Ella no sólo es fea: también sufre por ser fea. Y no hay nada que desee más una fea que belleza. Su narcisismo es como la sed que no puede ser saciada y su mundo interior un lugar a oscuras, por eso desea a quien técnicamente no puede desearla. Y lo asedia. Es capaz de humillarse por él, su entrega es desesperada y salvaje, su anhelo la enaltece, diríase que hasta la embellece. El suyo es un amor subversivo; algunos ineptos lo llamarían suicida. En realidad, Fosca se desea otra. No ama tanto al hombre como la belleza de ese hombre y sueña con hacerla suya porque de esta manera acaso conseguirá verse un poco menos fea. El hombre bello es el espejo en que ella se mira. Pero la amante fea es el espejo moral del hombre bello. La dolorosa situación de la dama resulta magnética para un hombre piadoso y profundamente halagado. Casi tanto como las telarañas que la deforme teje a su alrededor. Así que el apuesto capitán la ayuda, la acompaña, la cuida, le da a Fosca el afecto, la atención y las miradas que el mundo le ha negado. Hasta conocerla, el capitán sólo había sido un hombre bello, ahora es un ser trágicamente grandioso.
Ser un hilo de conversación, un tema, un post para el escarnio público.
En la foto que alguien colgó en un blog anónimo yo estaba sentada en el suelo comiéndome un plátano. A continuación hay 395 comentarios en los que me llaman fea o en los que se explayan sobre todos los hombres que supuestamente me tiré estando casada y lo puta que soy en general. Lo de puta nunca me ha dolido particularmente, no perdamos el tiempo en eso. Pero lo otro, lo otro, esa evidencia…

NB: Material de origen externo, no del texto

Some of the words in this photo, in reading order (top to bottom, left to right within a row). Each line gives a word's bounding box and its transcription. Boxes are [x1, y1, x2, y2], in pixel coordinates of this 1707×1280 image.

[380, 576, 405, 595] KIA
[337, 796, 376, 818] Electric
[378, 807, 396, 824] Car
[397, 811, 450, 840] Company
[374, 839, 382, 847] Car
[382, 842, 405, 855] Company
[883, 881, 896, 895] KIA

Alguna vez yo también me odié de esa manera.
Si la dismorfia corporal es una enfermedad mental, ¿me lo estoy imaginando todo? ¿Soy fea? ¿Soy en realidad bella? Y si me lo estoy imaginando, ¿por qué hay gente hablando de eso, escribiendo sobre mi fealdad? ¿Por qué es un tema? ¿Por qué me ama entonces un hombre bello? ¿Debería ser bella? ¿Querrían que fuera bella para así justificar su dolor, su apetito, su virulencia? ¿Tiene, en ese caso, más que ver con mi impureza moral que con la física? ¿No con que era linda como decían mamá y papá? ¿Será la mezcla de ambas cosas? ¿Estoy loca si me hago estas preguntas? ¿Nadie más se las hace?

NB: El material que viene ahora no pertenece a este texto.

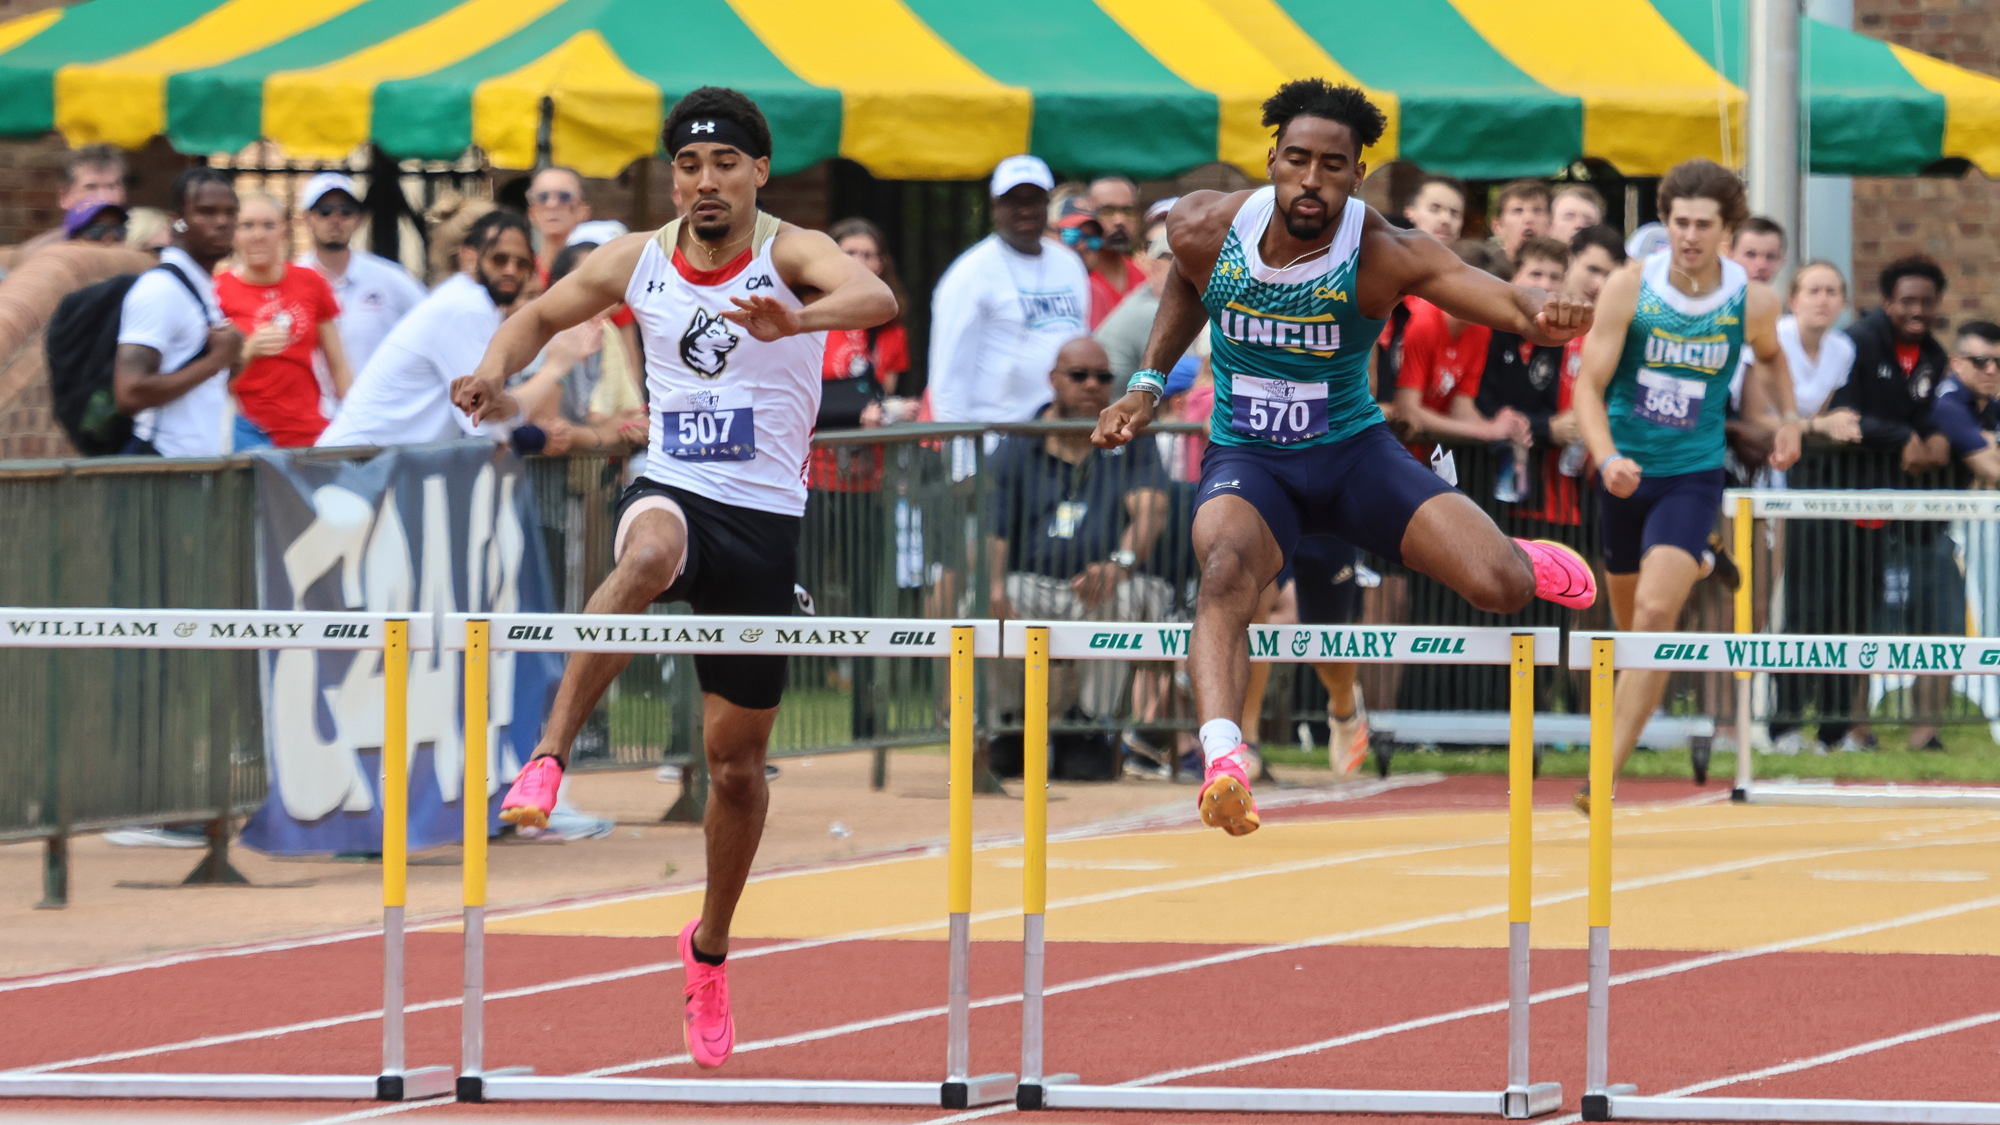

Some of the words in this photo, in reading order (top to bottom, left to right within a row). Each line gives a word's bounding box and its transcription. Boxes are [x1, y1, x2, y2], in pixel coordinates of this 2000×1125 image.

[1314, 287, 1347, 303] CAA
[1221, 309, 1340, 350] UNCW
[1645, 334, 1730, 370] UNCW
[1250, 399, 1309, 432] 570
[1645, 388, 1690, 418] 563
[679, 411, 734, 445] 507
[7, 621, 158, 637] WILLIAM
[174, 623, 198, 638] &
[210, 623, 304, 639] MARY
[323, 624, 370, 639] GILL
[507, 626, 554, 641] GILL
[574, 627, 725, 643] WILLIAM
[739, 628, 764, 643] &
[775, 629, 870, 644] MARY
[889, 631, 936, 645] GILL
[1089, 633, 1143, 650] GILL
[1292, 631, 1311, 657] &
[1320, 631, 1397, 658] MARY
[1410, 637, 1466, 654] GILL
[1654, 643, 1709, 660] GILL
[1724, 640, 1848, 668] WILLIAM
[1859, 642, 1878, 669] &
[1888, 643, 1966, 670] MARY

Hay un dibujo, una pequeña viñeta, que hice a partir de una frase que me dijo un día alguien que me ama a pesar de mis trastornos, de mis complejos, o precisamente por ellos. Dijo: «Me hubiera gustado conocerte de niña y decirte que eras la niña más bella del mundo». En mi dibujo, él viaja al pasado, me encuentra, me sienta en sus rodillas y, como él es el hombre más bello que yo he visto nunca, me dice esa frase al oído y yo lo creo y nunca más se me olvida. Así, en esa historia alternativa de mi vida, yo creceré sin el trastorno y no me haré más preguntas.